Word for word, copy the line containing "Some of the words" and each line after it in the records below, ending with the last line.

_Collected data entries_.
Segment Open

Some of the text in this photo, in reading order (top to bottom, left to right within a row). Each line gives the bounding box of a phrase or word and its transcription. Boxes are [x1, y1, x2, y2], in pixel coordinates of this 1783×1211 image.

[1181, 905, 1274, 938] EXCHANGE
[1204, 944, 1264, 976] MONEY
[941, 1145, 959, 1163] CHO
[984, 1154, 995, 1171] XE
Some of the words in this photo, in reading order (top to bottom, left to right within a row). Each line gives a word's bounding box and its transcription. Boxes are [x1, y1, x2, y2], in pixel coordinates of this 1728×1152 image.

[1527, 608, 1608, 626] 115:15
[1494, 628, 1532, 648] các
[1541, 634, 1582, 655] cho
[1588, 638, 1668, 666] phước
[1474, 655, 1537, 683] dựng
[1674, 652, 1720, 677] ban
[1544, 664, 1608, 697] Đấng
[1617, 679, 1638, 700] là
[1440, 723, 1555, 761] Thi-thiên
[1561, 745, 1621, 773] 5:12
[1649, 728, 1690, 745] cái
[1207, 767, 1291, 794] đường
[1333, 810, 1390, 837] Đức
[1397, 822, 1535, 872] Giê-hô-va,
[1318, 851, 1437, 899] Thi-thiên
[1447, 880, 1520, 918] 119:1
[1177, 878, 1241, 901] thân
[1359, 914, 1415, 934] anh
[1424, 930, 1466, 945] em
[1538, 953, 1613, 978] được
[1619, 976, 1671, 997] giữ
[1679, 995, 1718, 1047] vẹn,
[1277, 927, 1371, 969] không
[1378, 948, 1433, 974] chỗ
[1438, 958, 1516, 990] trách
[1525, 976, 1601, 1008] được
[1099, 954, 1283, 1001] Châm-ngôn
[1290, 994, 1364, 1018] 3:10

Segment Closed

_WRITTEN SOLUTION_.
Some of the words in this photo, in reading order (top to bottom, left to right within a row). Each line gives a word's bounding box and its transcription. Boxes are [x1, y1, x2, y2], in pixel coordinates of this 1728×1152 image.

[1527, 608, 1608, 626] 115:15
[1494, 628, 1532, 648] các
[1541, 634, 1582, 655] cho
[1588, 638, 1668, 666] phước
[1474, 655, 1537, 683] dựng
[1674, 652, 1720, 677] ban
[1544, 664, 1608, 697] Đấng
[1617, 679, 1638, 700] là
[1440, 723, 1555, 761] Thi-thiên
[1561, 745, 1621, 773] 5:12
[1649, 728, 1690, 745] cái
[1207, 767, 1291, 794] đường
[1333, 810, 1390, 837] Đức
[1397, 822, 1535, 872] Giê-hô-va,
[1318, 851, 1437, 899] Thi-thiên
[1447, 880, 1520, 918] 119:1
[1177, 878, 1241, 901] thân
[1359, 914, 1415, 934] anh
[1424, 930, 1466, 945] em
[1538, 953, 1613, 978] được
[1619, 976, 1671, 997] giữ
[1679, 995, 1718, 1047] vẹn,
[1277, 927, 1371, 969] không
[1378, 948, 1433, 974] chỗ
[1438, 958, 1516, 990] trách
[1525, 976, 1601, 1008] được
[1099, 954, 1283, 1001] Châm-ngôn
[1290, 994, 1364, 1018] 3:10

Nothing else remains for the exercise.